*HOW TO COMPLETE THIS TASK*. Please output all of the entries exactly and omit any images they hold.

*INFORMATION PROVIDED*.
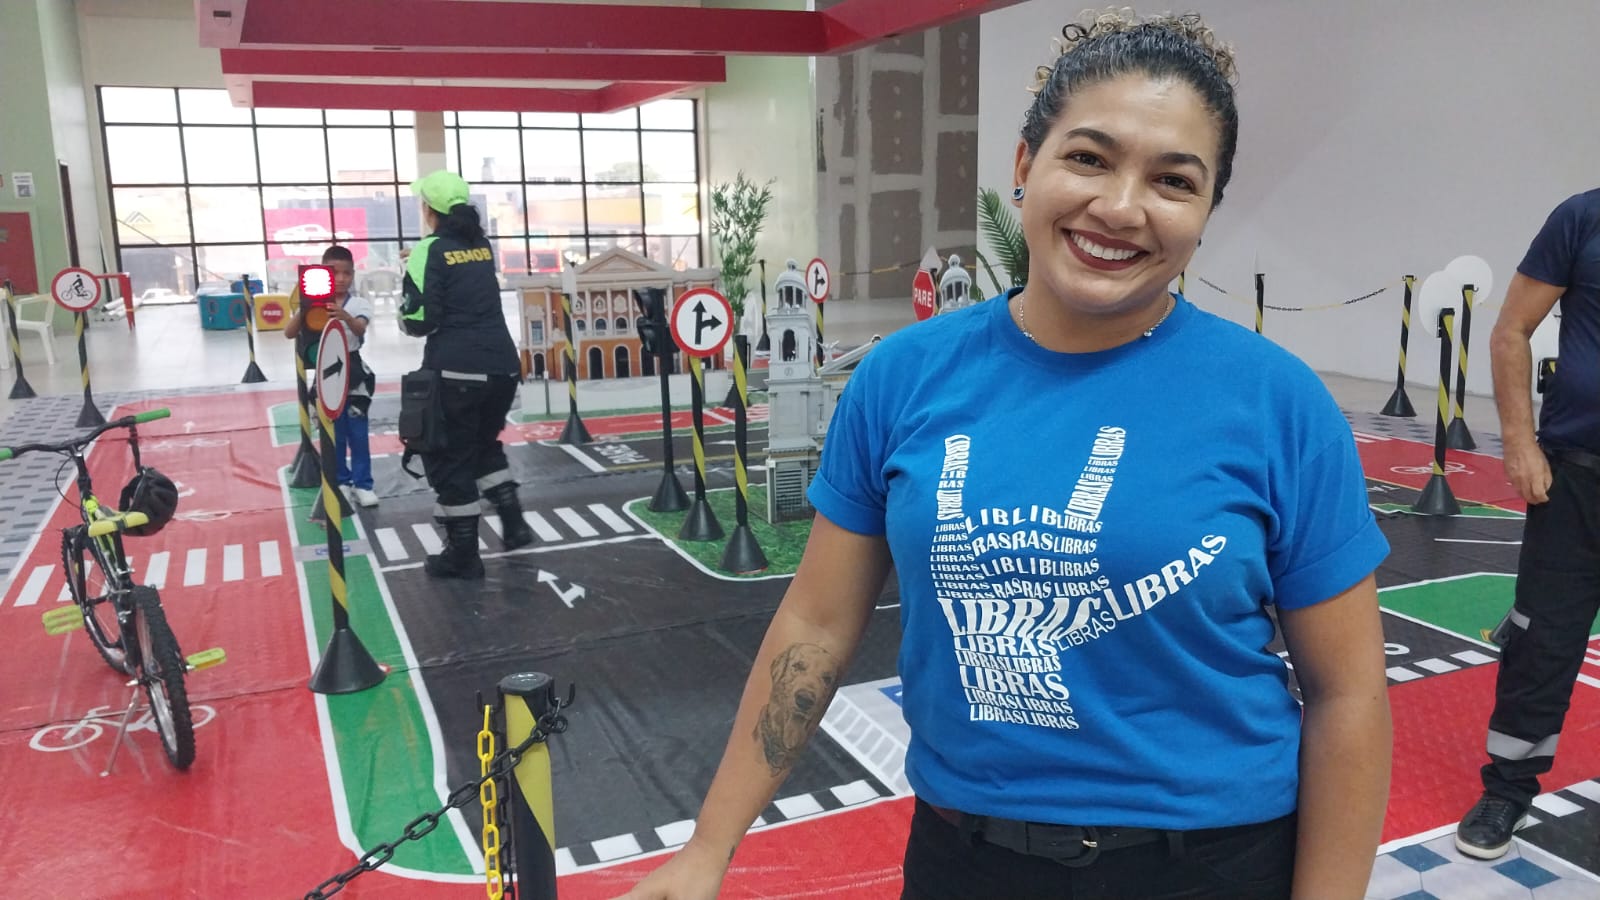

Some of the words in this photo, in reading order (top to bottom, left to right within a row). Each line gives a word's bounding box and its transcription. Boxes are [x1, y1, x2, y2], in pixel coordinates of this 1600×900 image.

[443, 247, 492, 265] SEMOB
[914, 287, 933, 308] PARE
[940, 470, 967, 478] LIB
[1083, 465, 1116, 474] LIBRAS
[938, 480, 965, 488] RAS
[1080, 472, 1114, 482] LIBRAS
[935, 522, 966, 532] LIBRAS
[1056, 513, 1103, 533] LIBRAS
[933, 532, 968, 543] LIBRAS
[931, 543, 972, 553] LIBRAS
[1053, 536, 1098, 554] LIBRAS
[930, 553, 975, 562] LIBRAS
[930, 564, 980, 572] LIBRAS
[1052, 558, 1100, 577] LIBRAS
[1103, 534, 1227, 621] LIBRAS
[934, 581, 990, 590] LIBRAS
[1054, 575, 1110, 597] LIBRAS
[936, 590, 996, 599] LIBRAS
[937, 597, 1101, 641] LIBRAS
[1056, 610, 1117, 651] LIBRAS
[953, 635, 1058, 657] LIBRAS
[959, 665, 1070, 700] LIBRAS
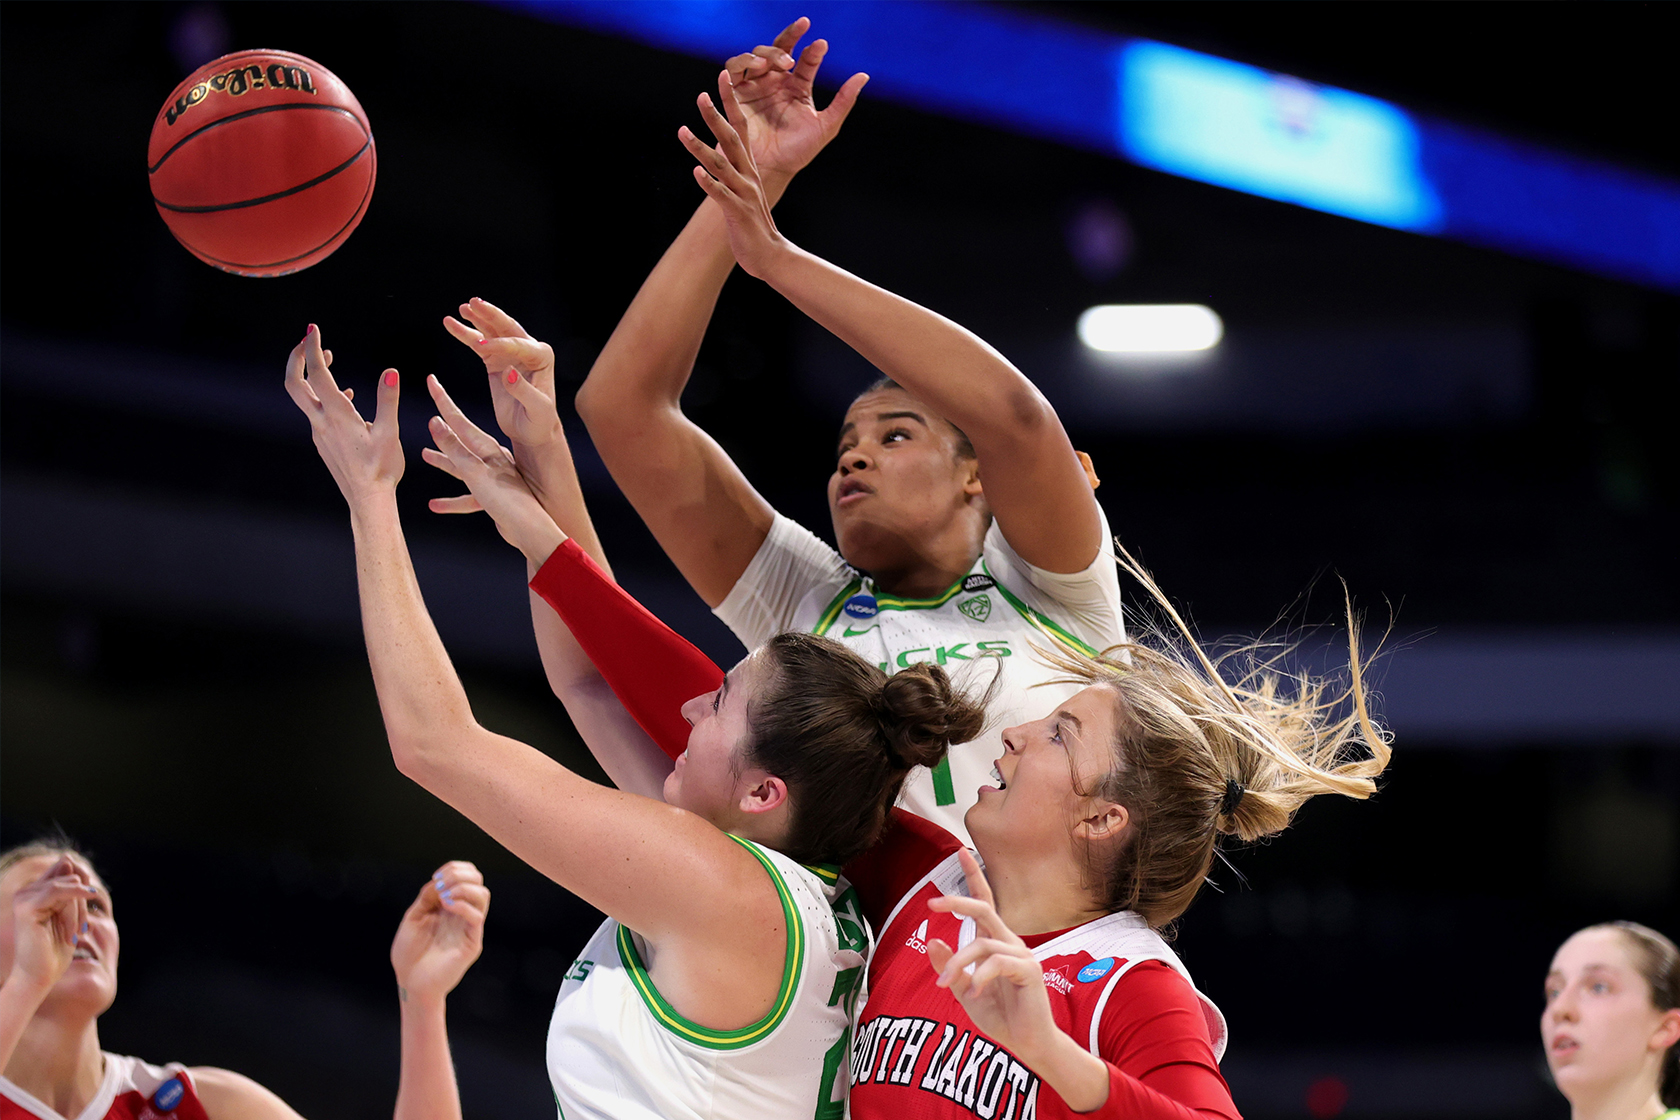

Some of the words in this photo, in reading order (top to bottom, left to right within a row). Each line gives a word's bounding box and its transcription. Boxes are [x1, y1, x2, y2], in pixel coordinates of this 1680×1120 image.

[163, 64, 318, 126] Wilson
[905, 936, 928, 954] das
[1081, 967, 1107, 977] NCAA
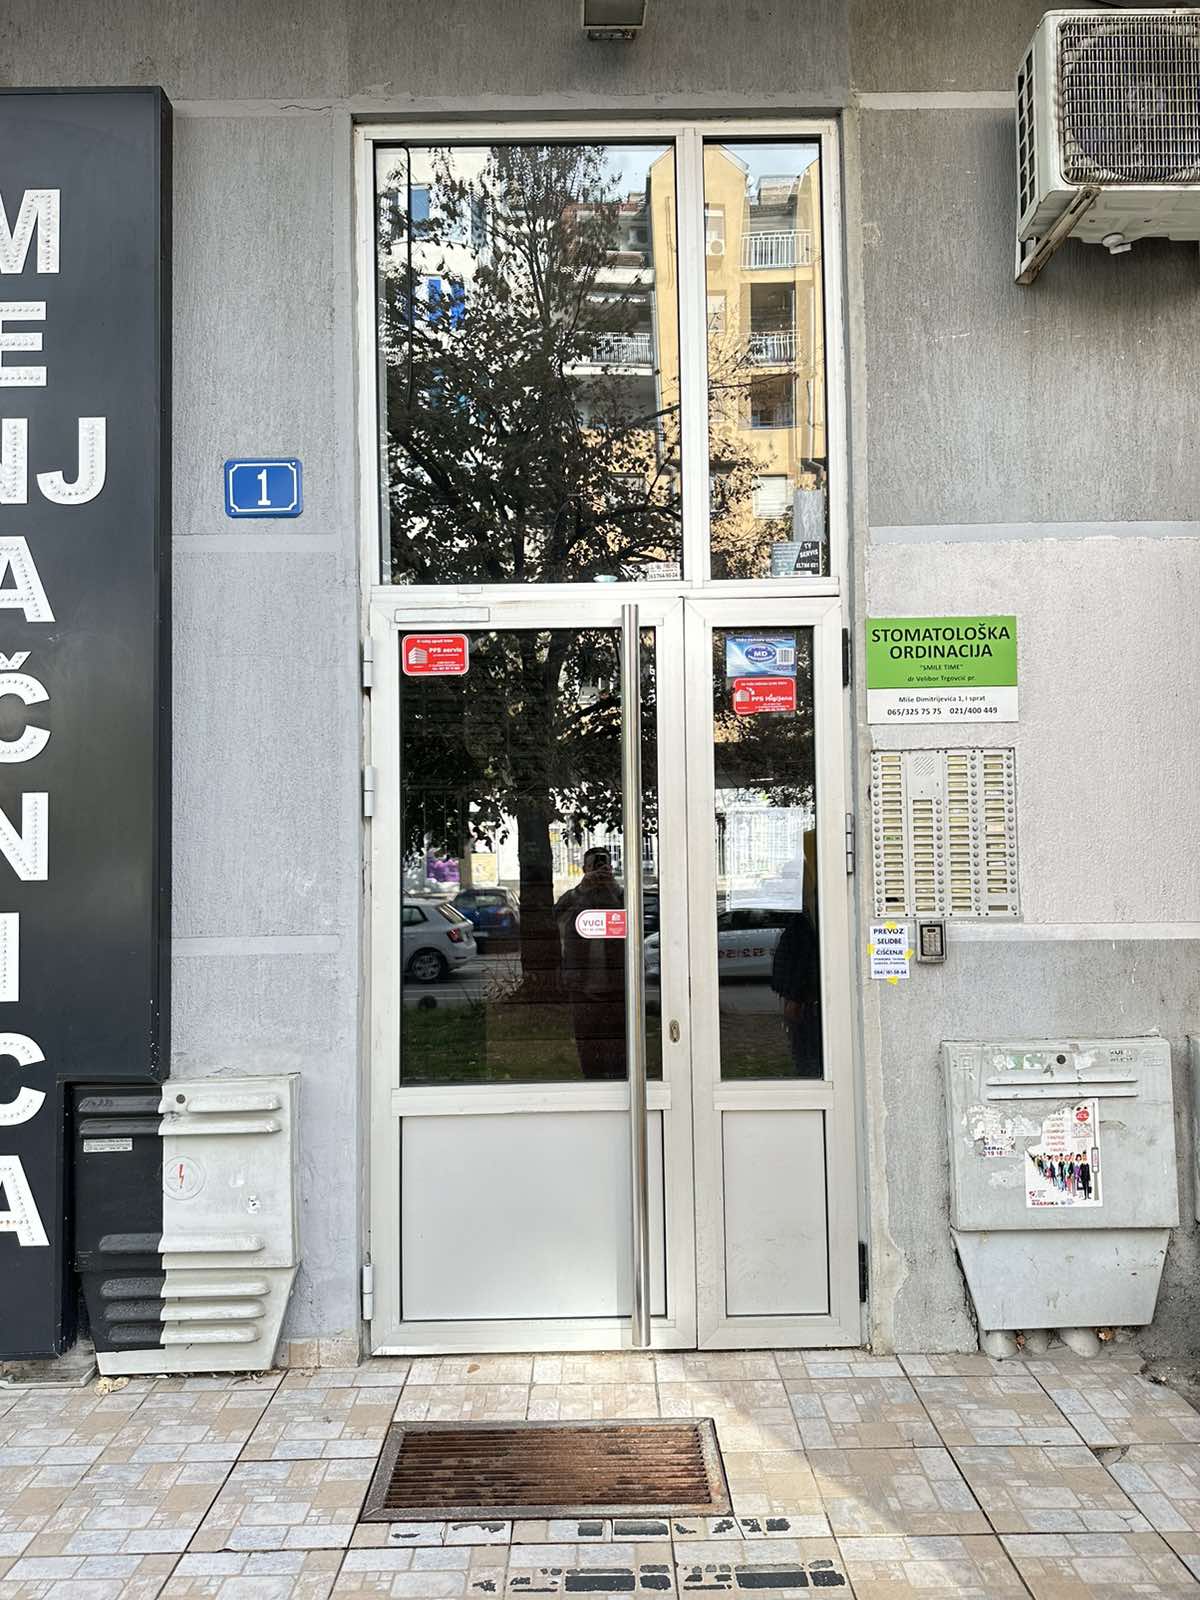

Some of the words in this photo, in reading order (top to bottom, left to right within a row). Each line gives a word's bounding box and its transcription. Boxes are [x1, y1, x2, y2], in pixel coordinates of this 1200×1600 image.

*ANSWER*.
Some of the words in this photo, in reading order (top to bottom, left to right within a row). Each line gives a word's bounding box and its transcription. Boxes are [x1, y1, x2, y2], in pixel coordinates of this 1600×900 image.

[443, 247, 492, 265] SEMOB
[914, 287, 933, 308] PARE
[940, 470, 967, 478] LIB
[1083, 465, 1116, 474] LIBRAS
[938, 480, 965, 488] RAS
[1080, 472, 1114, 482] LIBRAS
[935, 522, 966, 532] LIBRAS
[1056, 513, 1103, 533] LIBRAS
[933, 532, 968, 543] LIBRAS
[931, 543, 972, 553] LIBRAS
[1053, 536, 1098, 554] LIBRAS
[930, 553, 975, 562] LIBRAS
[930, 564, 980, 572] LIBRAS
[1052, 558, 1100, 577] LIBRAS
[1103, 534, 1227, 621] LIBRAS
[934, 581, 990, 590] LIBRAS
[1054, 575, 1110, 597] LIBRAS
[936, 590, 996, 599] LIBRAS
[937, 597, 1101, 641] LIBRAS
[1056, 610, 1117, 651] LIBRAS
[953, 635, 1058, 657] LIBRAS
[959, 665, 1070, 700] LIBRAS

Some of the words in this photo, in reading order (top to bottom, left to right within a row). Each line gives a word's bounding box and its transcription. Boxes are [x1, y1, x2, y2], in pixel coordinates of this 1680×1120 image.

[163, 64, 318, 126] Wilson
[905, 936, 928, 954] das
[1081, 967, 1107, 977] NCAA

Some of the words in this photo, in reading order (top to bottom, left to right within a row). Each line gives a word's bounding box and its transcription. Boxes are [x1, y1, x2, y2], in pixel coordinates of this 1200×1600 image.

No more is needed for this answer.